An establishment and a state tied up in nearly a century of class war against the poor

Statement by the Communist Party of Ireland 
17 January 2018

The public apology by the Garda Síochána to Joanne Hayes is thirty-four years too late. The response to the finding of the remains of a baby on a beach in Co. Kerry exposed the practices and the automatic response of the state and its police force in rounding up the poor, just as they did in the industrial schools and the Magdalene laundries. 
     As always, working people must be dominated, kept in check, and a reign of terror imposed on them. 
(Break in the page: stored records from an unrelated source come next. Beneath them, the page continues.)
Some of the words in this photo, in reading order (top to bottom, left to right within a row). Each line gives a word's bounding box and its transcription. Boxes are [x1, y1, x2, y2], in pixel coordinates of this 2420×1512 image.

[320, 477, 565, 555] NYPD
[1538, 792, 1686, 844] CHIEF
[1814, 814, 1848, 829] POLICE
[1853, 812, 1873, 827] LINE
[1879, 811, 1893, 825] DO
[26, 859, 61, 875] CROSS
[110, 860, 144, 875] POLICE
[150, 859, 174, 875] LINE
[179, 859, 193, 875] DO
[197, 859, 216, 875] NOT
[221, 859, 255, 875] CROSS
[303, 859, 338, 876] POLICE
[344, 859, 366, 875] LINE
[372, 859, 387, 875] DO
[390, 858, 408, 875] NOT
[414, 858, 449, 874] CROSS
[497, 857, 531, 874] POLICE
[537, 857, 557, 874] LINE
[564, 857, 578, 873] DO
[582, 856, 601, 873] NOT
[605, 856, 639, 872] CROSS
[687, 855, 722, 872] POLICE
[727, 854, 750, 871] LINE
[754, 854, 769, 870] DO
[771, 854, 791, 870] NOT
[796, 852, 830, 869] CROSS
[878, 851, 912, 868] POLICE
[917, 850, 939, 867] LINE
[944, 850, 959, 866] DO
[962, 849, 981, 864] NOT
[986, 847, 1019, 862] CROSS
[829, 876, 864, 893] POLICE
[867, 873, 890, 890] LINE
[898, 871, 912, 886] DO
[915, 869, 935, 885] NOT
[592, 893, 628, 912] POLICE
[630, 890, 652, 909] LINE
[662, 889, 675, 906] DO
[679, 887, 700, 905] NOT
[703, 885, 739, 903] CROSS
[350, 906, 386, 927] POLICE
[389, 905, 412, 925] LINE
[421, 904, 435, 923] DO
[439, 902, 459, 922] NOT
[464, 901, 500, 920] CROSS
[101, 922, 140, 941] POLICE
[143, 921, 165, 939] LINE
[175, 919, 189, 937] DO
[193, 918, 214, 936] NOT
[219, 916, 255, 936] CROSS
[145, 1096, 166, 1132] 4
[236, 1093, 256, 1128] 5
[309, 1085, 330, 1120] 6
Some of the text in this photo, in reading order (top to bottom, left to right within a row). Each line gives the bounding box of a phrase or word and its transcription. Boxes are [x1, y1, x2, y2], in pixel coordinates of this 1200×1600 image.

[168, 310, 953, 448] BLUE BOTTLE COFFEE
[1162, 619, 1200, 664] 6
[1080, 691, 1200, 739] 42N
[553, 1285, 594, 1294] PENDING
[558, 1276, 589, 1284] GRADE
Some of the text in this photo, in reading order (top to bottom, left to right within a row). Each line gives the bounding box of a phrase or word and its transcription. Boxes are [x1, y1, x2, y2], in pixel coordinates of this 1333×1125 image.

     Alongside the establishment of this failed state, the Catholic Church was given the leading ideological role in reinforcing the partitionist state and marginalising any possible alternative economic system. They were a significant force in eliminating the radical elements that had played a central role in the War of Independence, marginalising working-class activists, communists, and the more radical republicans. 
     In alliance with local gombeen business interests and politicians, the Catholic Church hounded the Irish communist Jim Gralton and had him deported to the United States. They were the driving force in breaking the Castlecomer miners’ strike and many other industrial disputes, marginalising and bullying workers throughout this failed state. And working-class and rural women bore the brunt of these church attacks. 
     They organised an inquiry supposedly to investigate how Joanne Hayes had been wrongly charged but turned it into an inquisition on an ordinary single mother. No doubt this apology will provide an opportunity for hand-wringing by a political establishment whose antecedents were happy to unleash the dogs of class war, fronted by the Catholic Church, against our parents and grandparents, against our class.